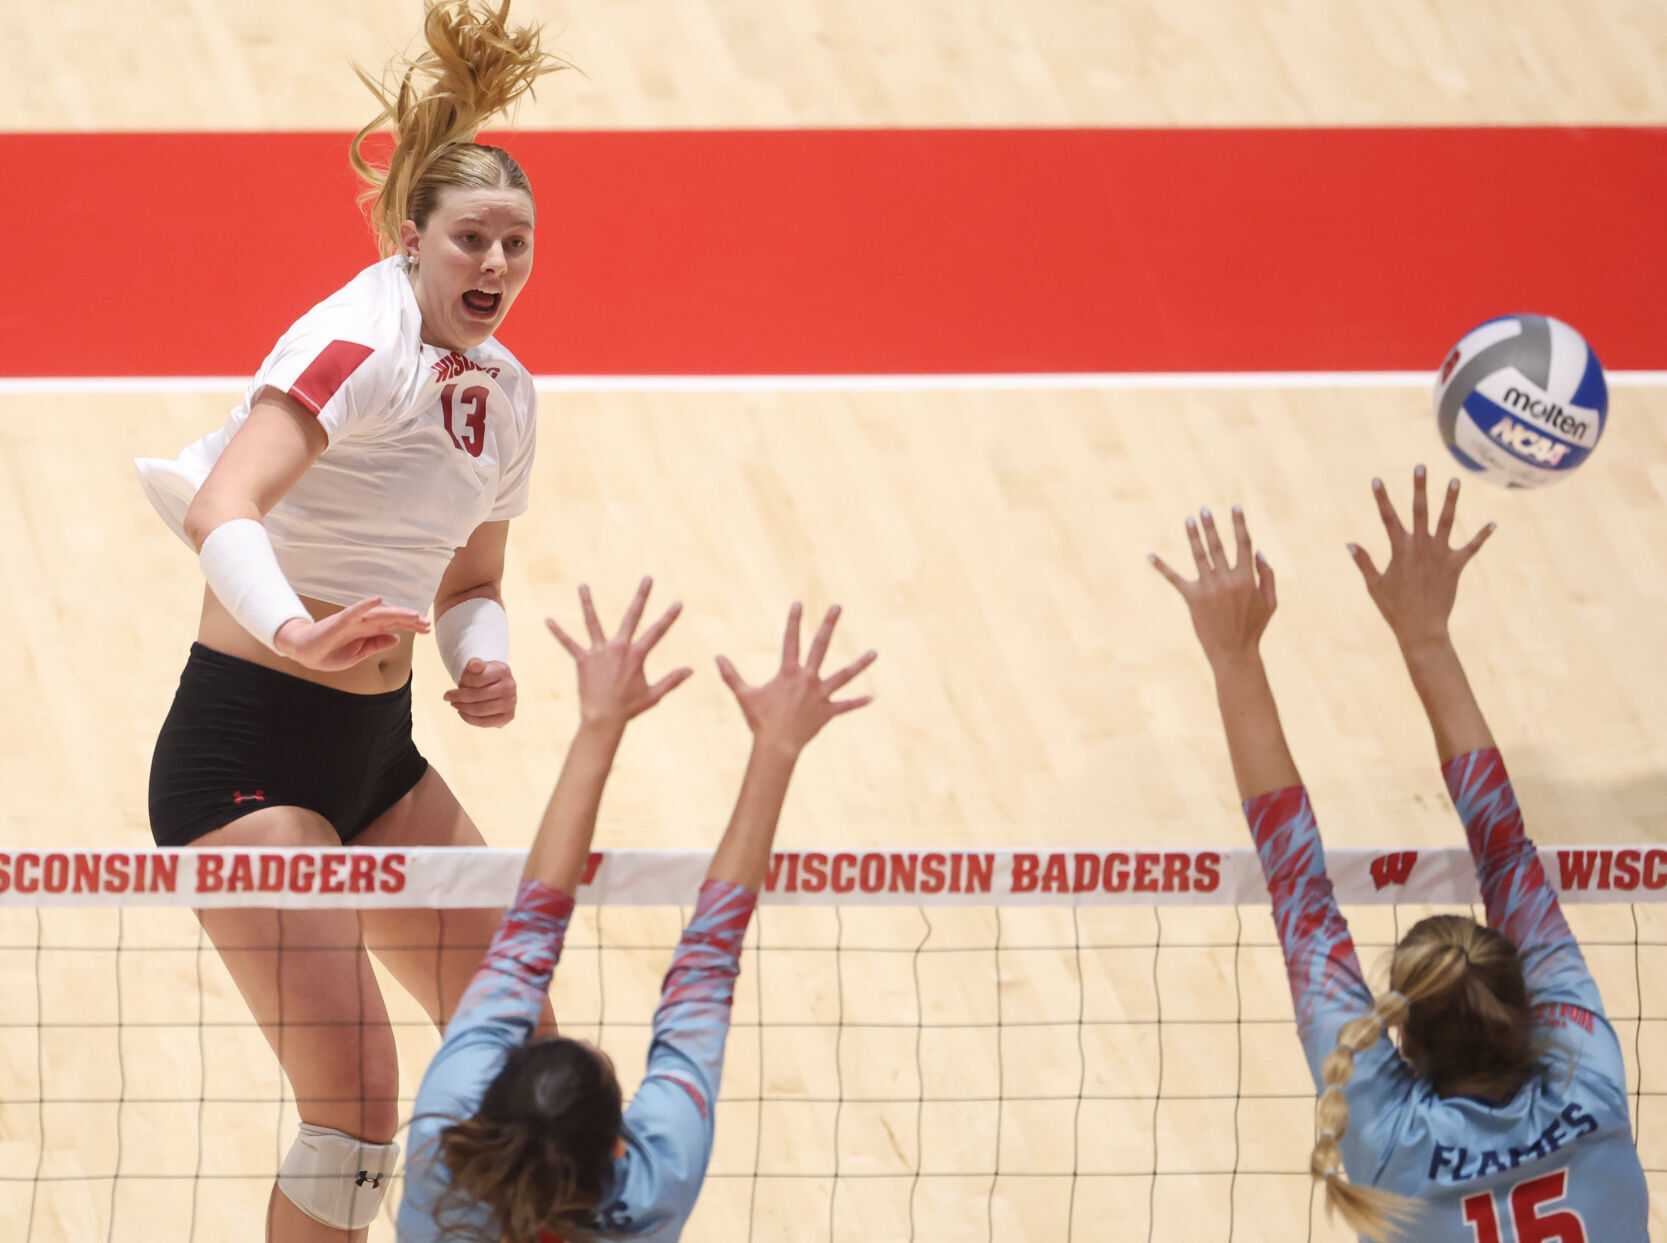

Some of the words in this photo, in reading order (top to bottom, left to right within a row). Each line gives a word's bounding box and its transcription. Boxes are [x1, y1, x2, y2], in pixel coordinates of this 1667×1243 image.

[441, 383, 490, 458] 13
[1503, 387, 1588, 441] molten
[195, 853, 407, 894] BADGERS
[1010, 852, 1221, 893] BADGERS
[1428, 1102, 1598, 1181] FLAMES

[DIRECTIONS]:
An exact copy of the records above is required, leaving out the pictures.

[ANSWER SPACE]:
Some of the words in this photo, in reading order (top to bottom, left to right within a row). Each line gives a word's bounding box and its transcription. Boxes are [x1, y1, x2, y2], in pixel coordinates of this 1667×1243 image.

[441, 383, 490, 458] 13
[1503, 387, 1588, 441] molten
[195, 853, 407, 894] BADGERS
[1010, 852, 1221, 893] BADGERS
[1428, 1102, 1598, 1181] FLAMES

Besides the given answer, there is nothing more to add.